How can an online marketplace swell the ranks of its members when it is constantly being overlooked in preference of more established platforms? Abolish all fees, that’s how.
Or at least, that’s what the classifieds-style website Quicksales is probably hoping, as it unveils its new seller pricing structure today. As of May 1, 2013, the platform has been rendered completely free for sellers to list products.
We are very pleased to announce that from today quicksales is 100% FREE to sell. That’s right, no final value fees whatsoever irrespective of what you are selling or the category in which you sell. 100% free to sell across the board – no exclusions, no disclaimers and no question that quicksales is the best value marketplace in Australia, if not the world!

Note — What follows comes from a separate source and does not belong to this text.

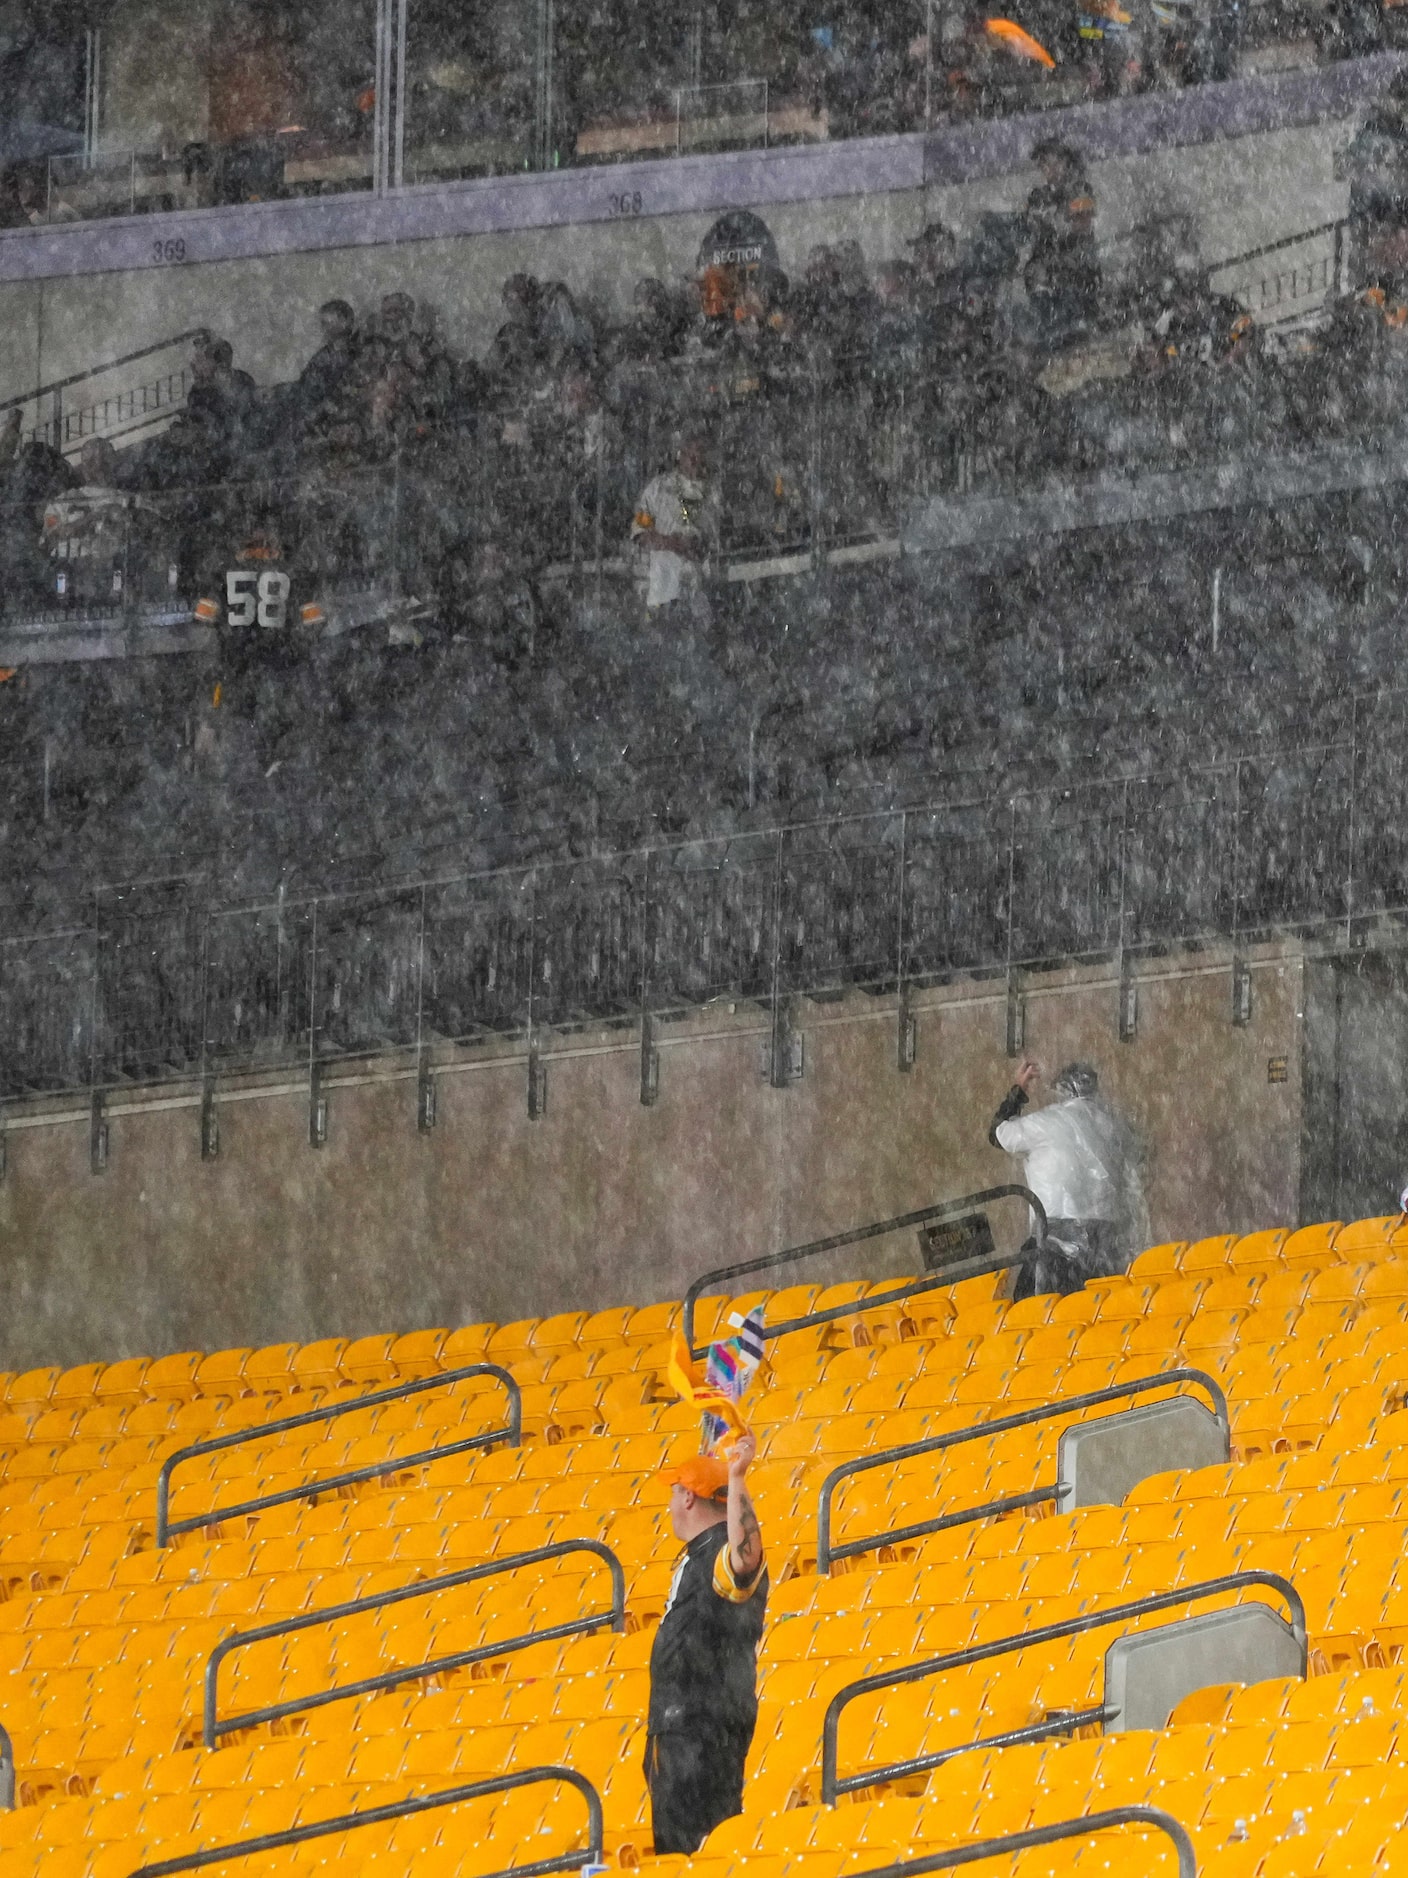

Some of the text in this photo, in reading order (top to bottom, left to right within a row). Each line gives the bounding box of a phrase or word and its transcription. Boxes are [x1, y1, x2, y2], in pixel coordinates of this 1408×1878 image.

As other websites and suppliers put their prices up, quicksales is not just putting prices down but abolishing them all together.
— Quicksales announcement
The marketplace, stablemate to the Carsales business, has effectively fired a shot across the bow of its larger competitors, such as eBay (and, by extension, Gumtree) and Amazon. In fact, it adds a fantastic new twist to the ongoing pricing war between the virtual marketplaces. Quicksales even alludes to the saga in its announcement.
“On the day that a certain other website is increasing its fees to what we believe is an absolutely ludicrous percentage we are thrilled to announce our new final value fee is 0% – it doesn’t get much better value than that!” the statement reads.
In one fell swoop, Quicksales has made it abundantly clear it aims to become a much more dominant player in the local field, going up against both eBay and Gumtree.
“We believe there’s an opportunity to offer a completely free selling platform to Australians. They shouldn’t have to pay for the privilege of selling online,” said James Curtain, General Manager of Quicksales, in an interview with the AIM Group.
“We want to overtake Gumtree. That’s why we’re here and that’s our ultimate objective. We have to make up for lost time. They’ve been in the market longer than we have. [This battle is] one that’s going to benefit Australians with better buying and selling than anywhere else.”
For some sellers, this may seem a dream come true – a place to advertise their products for free. However, others may question Quicksales’ motives. After all, how will the marketplace generate revenue if it isn’t charging its sellers anything? How long can it possibly hope to continue this tactic, which can be viewed as little more than a grab for marketshare?
UPDATE: General Manager of Quicksales, James Curtain recently responded to Power Retail’s request for comment, confirming the company’s revenue strategy.
“The final value transaction fee was only one of several means of generating revenue,” he says. “Quicksales also offers display and listing upgrades for sellers that want to gain added visibility. We also have our Q Shop offering, which gives sellers a virtual shopfront on Quicksales for as little as $5 per month.”